私はぽろぽろと、涙の粒を頬に沿わせていった。
そして突然泣き出した私を、自称魔法使いの彼らが全員、驚きつつも慰めてくれた。
「ずっと一人で頑張ってきたのね」
スカーフの女性が背中を擦ってくれる。
「よく我慢してきたね。でもここでは我慢しなくていいんだよ?」
ハンチングの紳士が優しく言う。
「本当、偉いっすよね。事情は知らないっすけど、あの孤独感はよーく知ってるっす」
パーカの若い男性は感心をくれた。
そして最後に
「我々の誰もが通ってきた道だ。話したくないというなら強要はしない。だが我々なら、きみの苦悩を理解できるかもしれない。どうだ?」
デキる風の男性が、冷静に問いかけてきた。
あくまでも選択権は私にあるという態度が、心地よく感じた。
「ね、あなたのの話を聞かせて?」
もう一度、今度はスカーフの女性から柔らかく求められて、私はグズグズッと鼻をすすりながらこれまでのことを語った。

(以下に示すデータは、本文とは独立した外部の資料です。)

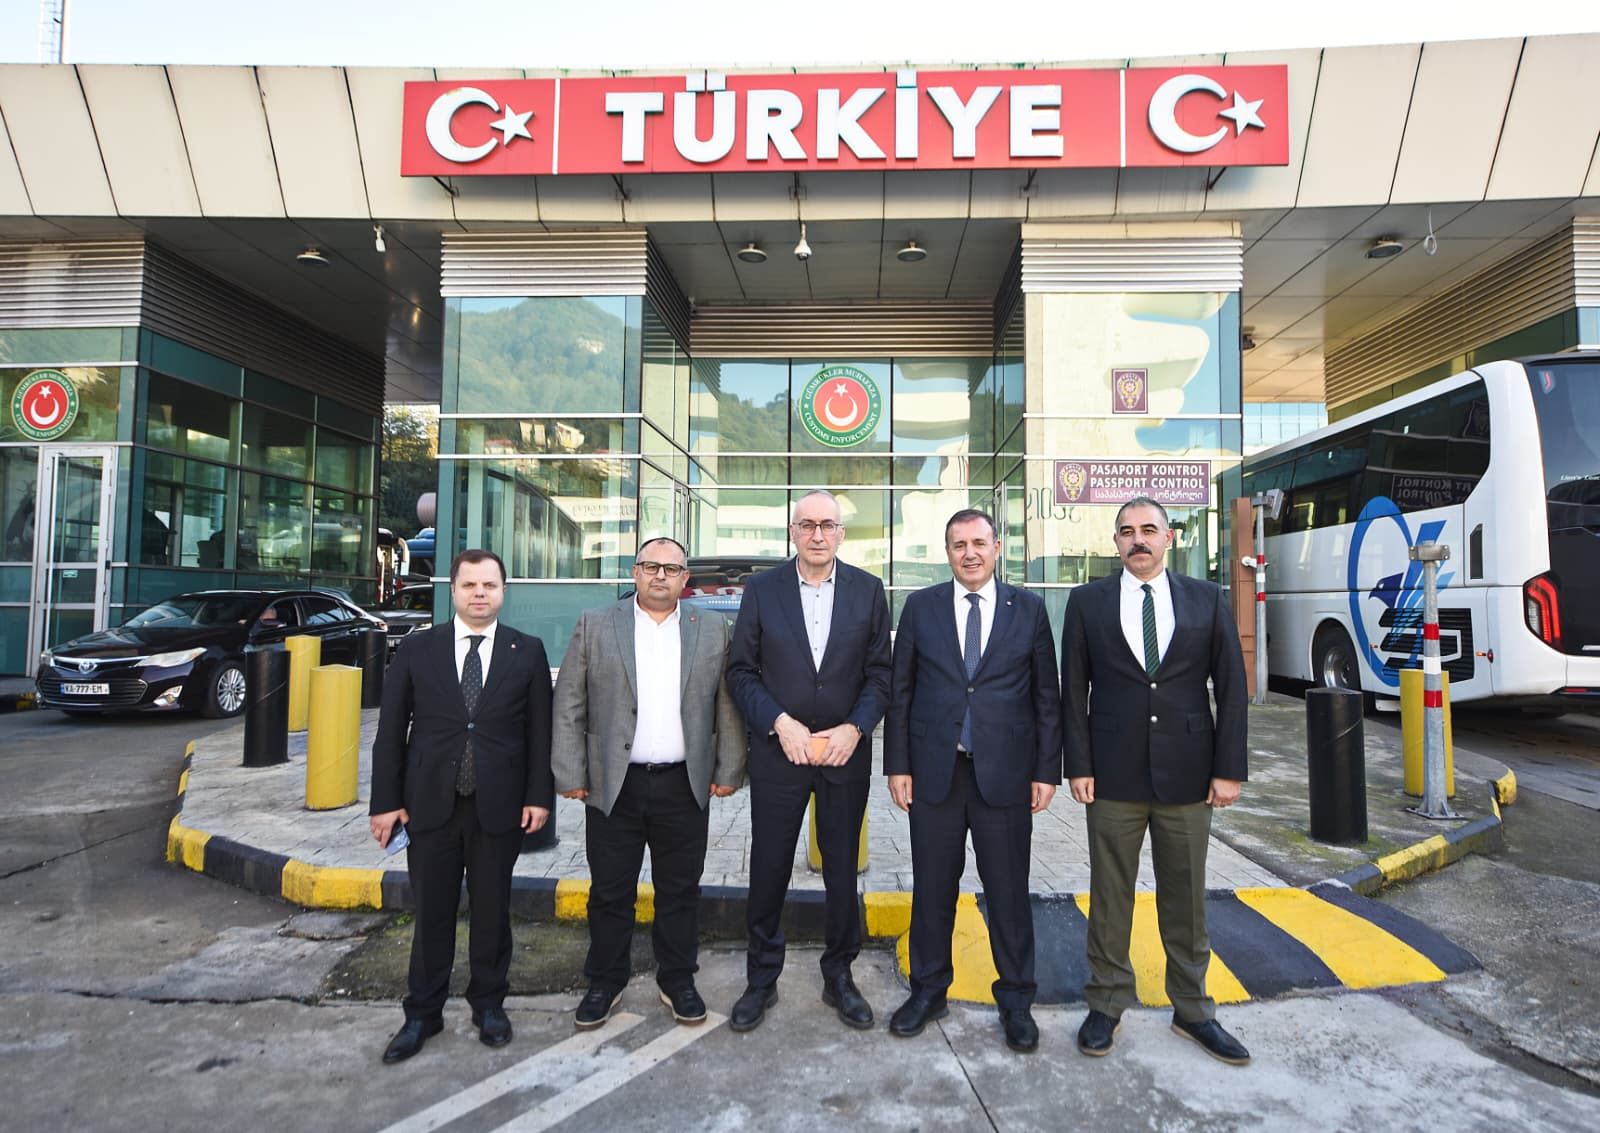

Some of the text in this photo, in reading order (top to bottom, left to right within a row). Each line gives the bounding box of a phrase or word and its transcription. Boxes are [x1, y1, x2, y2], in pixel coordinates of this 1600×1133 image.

[605, 70, 1064, 163] TÜRKİYE
[805, 412, 878, 443] CUSTOMS ENFORCEMENT
[1090, 465, 1148, 475] PASAPORT
[1152, 465, 1204, 476] KONTROL
[1090, 477, 1204, 489] PASSPORT CONTROL

人の目を見ると嘘かどうかわかること、人と目を合わせられなかったこと、嘘を見抜くことに罪悪感を持っていたこと、誰にも言えなかったこと、人付き合いが困難だったこと、疎外感や孤独を感じていたこと………
ところどころ、込み上げてくる涙に邪魔されながらも、私は自分の想いを吐露していったのだった。

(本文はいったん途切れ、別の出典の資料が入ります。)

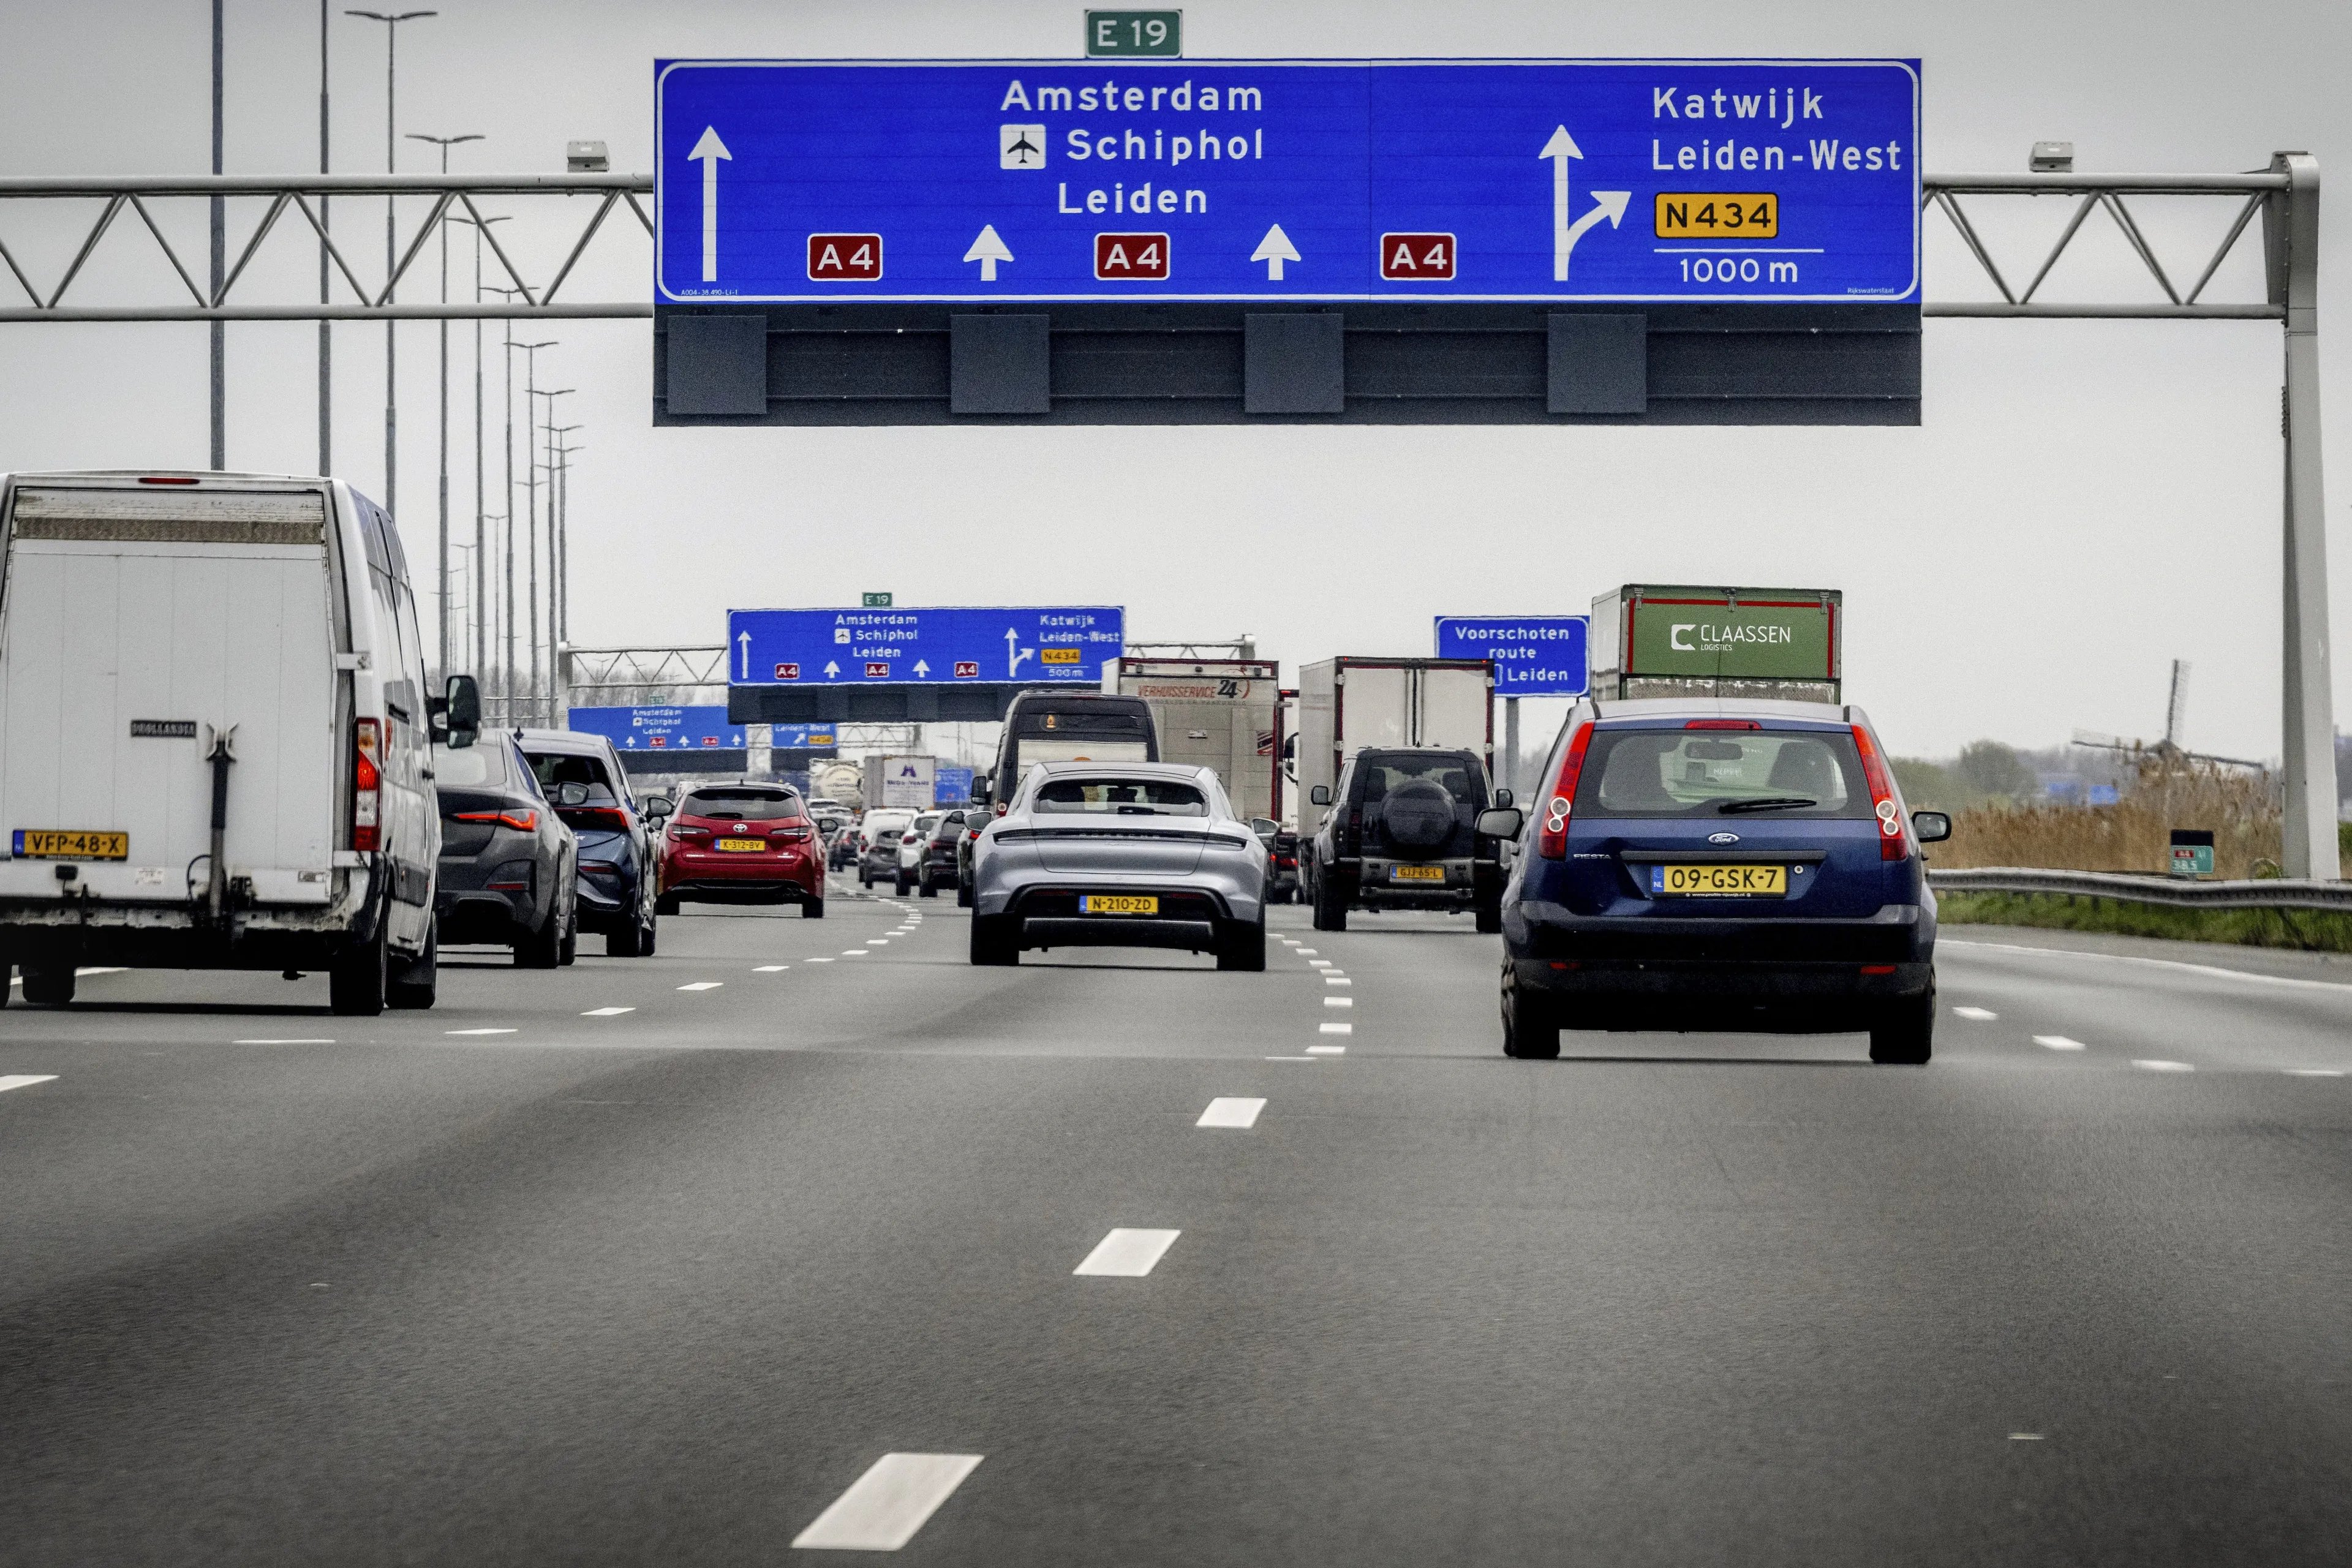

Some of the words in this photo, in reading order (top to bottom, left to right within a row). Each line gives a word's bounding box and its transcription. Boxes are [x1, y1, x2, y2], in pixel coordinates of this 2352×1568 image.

「あー、わかりすぎる。俺達って超マイノリティっすよね」
「一般社会ではね。でもここではマジョリティだよ?」
「確かにそうっすけど。つうか嘘を見抜けるってすげえ」
「すごく、なんて……、ない、です……」
ヒクッヒクッとしゃくりあげる私にも、彼らは優しかった。
「そうよね。大変だったわね。でももう独りじゃないわ」
「でも、私、魔法、とか………まだ、信じられ…なくて………」
「まあ、すぐには無理だろうね」
「箒とかも、乗れ、ないし……」
「やだ、今どきそんなレトロなのないわよ」
「呪文……とかも、全然、知ら、ないし………」
「呪文なんてないっすよ。それ、よく勘違いしてる人いるっすよね」
「某魔法学校の影響だね」
「ゲームとか漫画の影響も大きいんじゃないかしら?」
「まあ、ごく稀に、自分で好き勝手に呪文をこしらえてる者もいるけどね」
「魔法オタクっぽいヤツっすね?でも基本的には、呪文なんてないっすよ」
「でも……」
「必要なことは、これから学んでいけばいいのよ」
「学ぶ……?」
「そうだよ。某魔法学校みたいにね。ここは学校ではないけど、きみに魔法を教えられる先生役はたくさんいるよ」
すると、私に選択権を与えてから黙っていたデキる風の男性がハンチングの紳士に同意するように頷いた。
「満月の夜は大体仕事が休みで、俺達の誰かはここにいるはずだ。訊きたいことがあれば来るといい。魔法のこと、その力のコントロール方法、相談に乗れることは多いだろう」
その言葉に、私の涙がぴたりと止まった。
「え……コントロールなんて、できる…んですか?」
思わず、また男性の目を見てしまう。
デキる風の男性は嘘を見抜ける私に見られているというのに、まったく動じず、「ああ」と言って右手のひらを横に掲げた。
すると突然トランクが開いたのだ。勝手に。
そして中から一冊の手帳がス――――ッと飛び出てきたのである。
まるで見えない糸に引っ張られているかのように自動する手帳。
それはあっという間に男の右手に吸い寄せられて、ぴたっとくっついたのだ。
「…………これ、が………魔法?」
たった今目の前で実際に起こった出来事を、私はただただ呆然と見つめるだけだった。